Dataset entries:

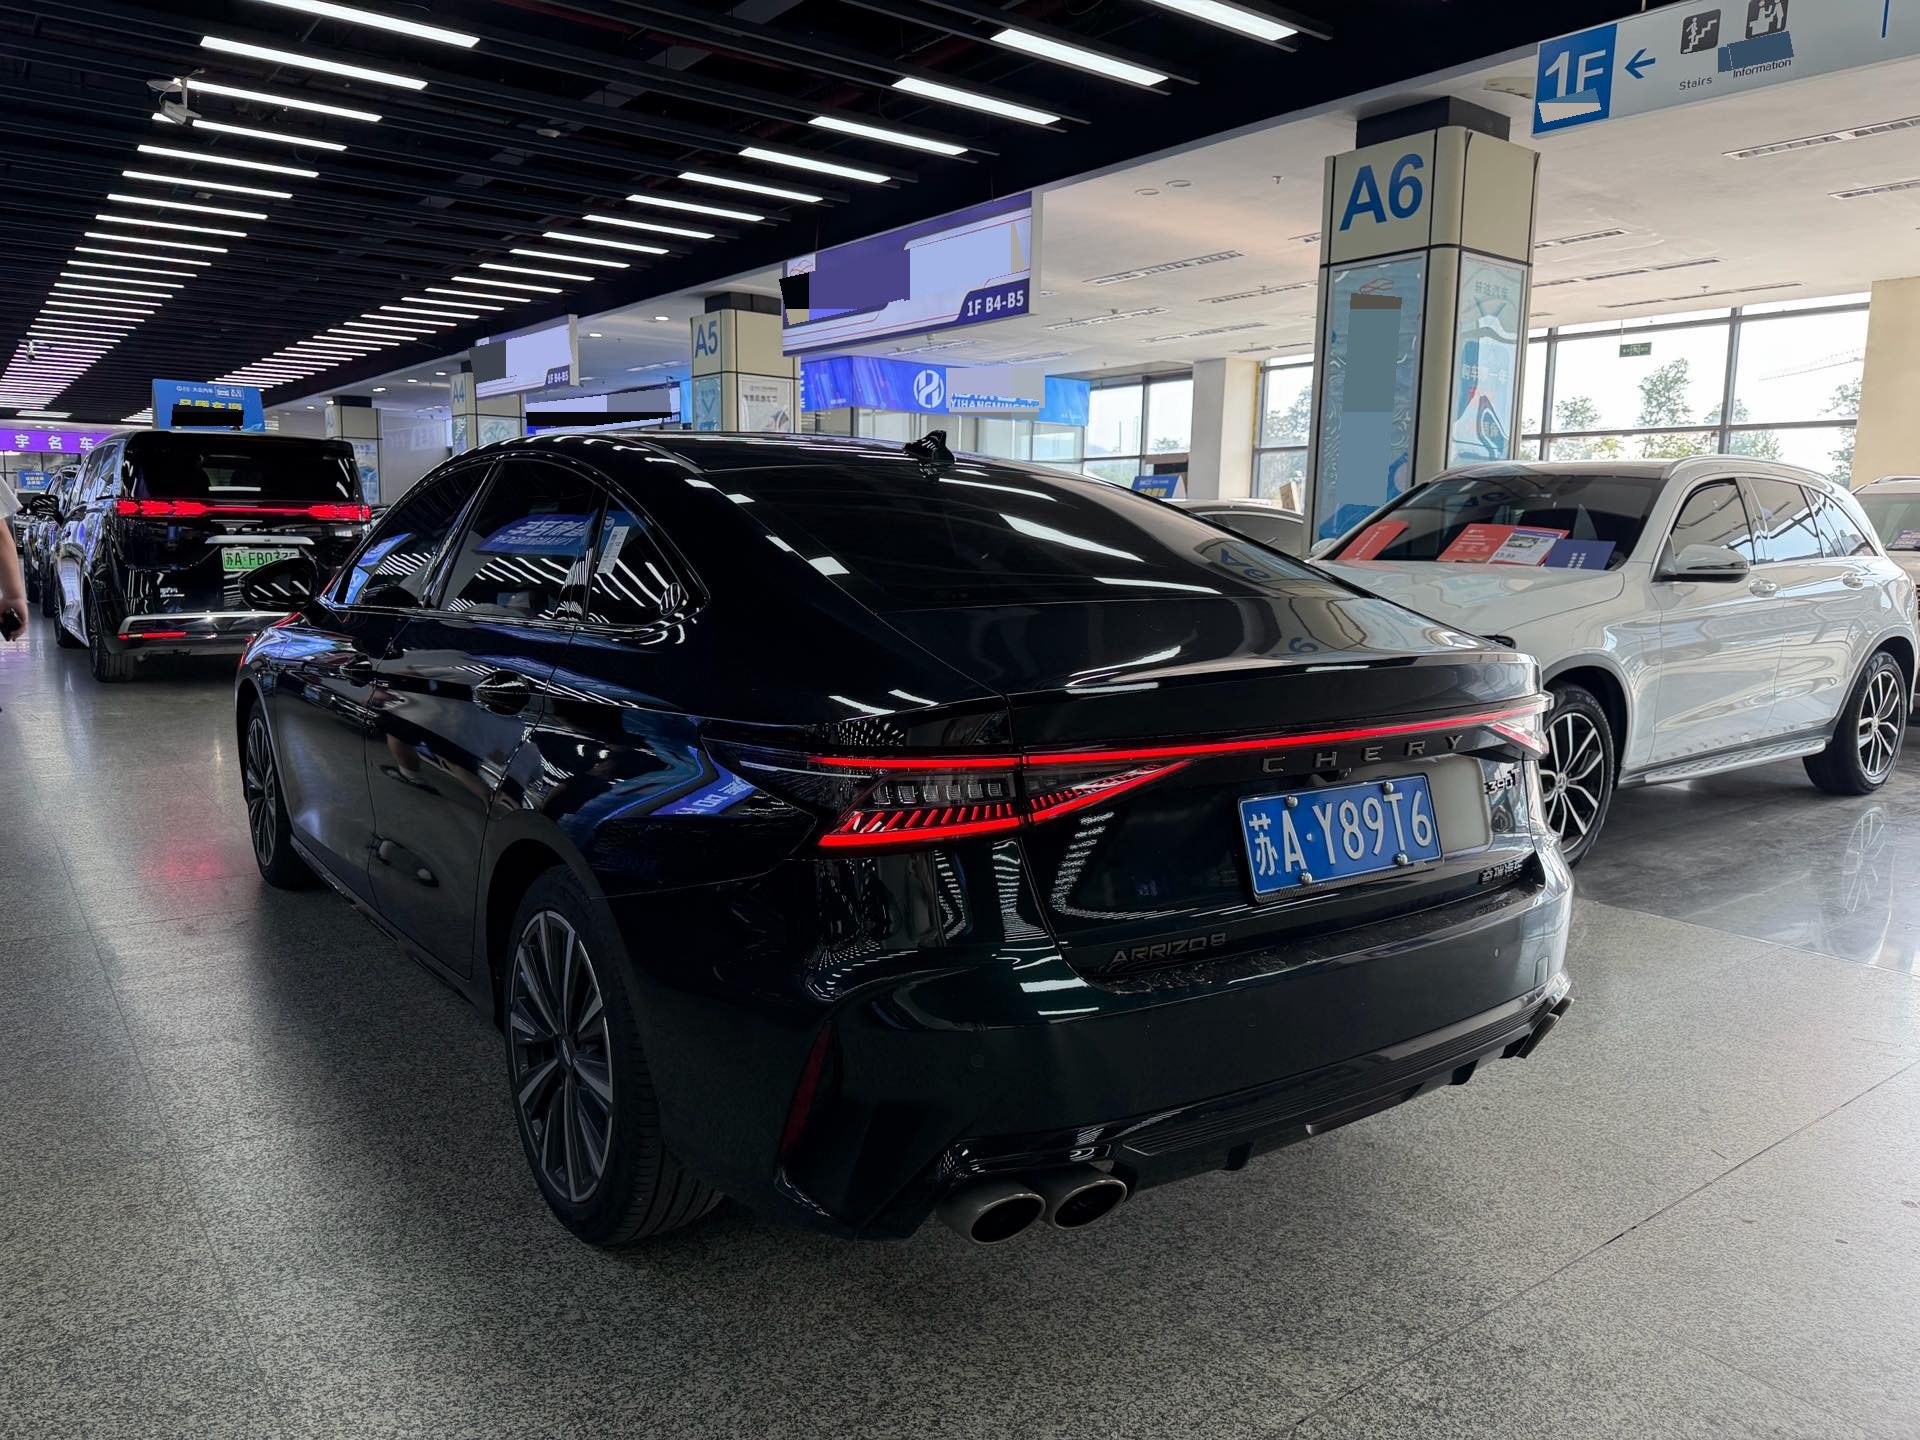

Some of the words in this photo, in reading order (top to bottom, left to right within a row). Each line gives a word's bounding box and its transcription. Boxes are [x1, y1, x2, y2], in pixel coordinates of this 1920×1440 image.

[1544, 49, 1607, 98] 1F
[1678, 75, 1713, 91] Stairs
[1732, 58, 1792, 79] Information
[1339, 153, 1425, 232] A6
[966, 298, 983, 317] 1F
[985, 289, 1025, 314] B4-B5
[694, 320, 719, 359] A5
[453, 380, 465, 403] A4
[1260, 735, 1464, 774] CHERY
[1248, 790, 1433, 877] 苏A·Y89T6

## About this task
Print the records again exactly. Skip every picture.

## Exercise answer
Some of the words in this photo, in reading order (top to bottom, left to right within a row). Each line gives a word's bounding box and its transcription. Boxes are [x1, y1, x2, y2], in pixel coordinates of this 1920×1440 image.

[1544, 49, 1607, 98] 1F
[1678, 75, 1713, 91] Stairs
[1732, 58, 1792, 79] Information
[1339, 153, 1425, 232] A6
[966, 298, 983, 317] 1F
[985, 289, 1025, 314] B4-B5
[694, 320, 719, 359] A5
[453, 380, 465, 403] A4
[1260, 735, 1464, 774] CHERY
[1248, 790, 1433, 877] 苏A·Y89T6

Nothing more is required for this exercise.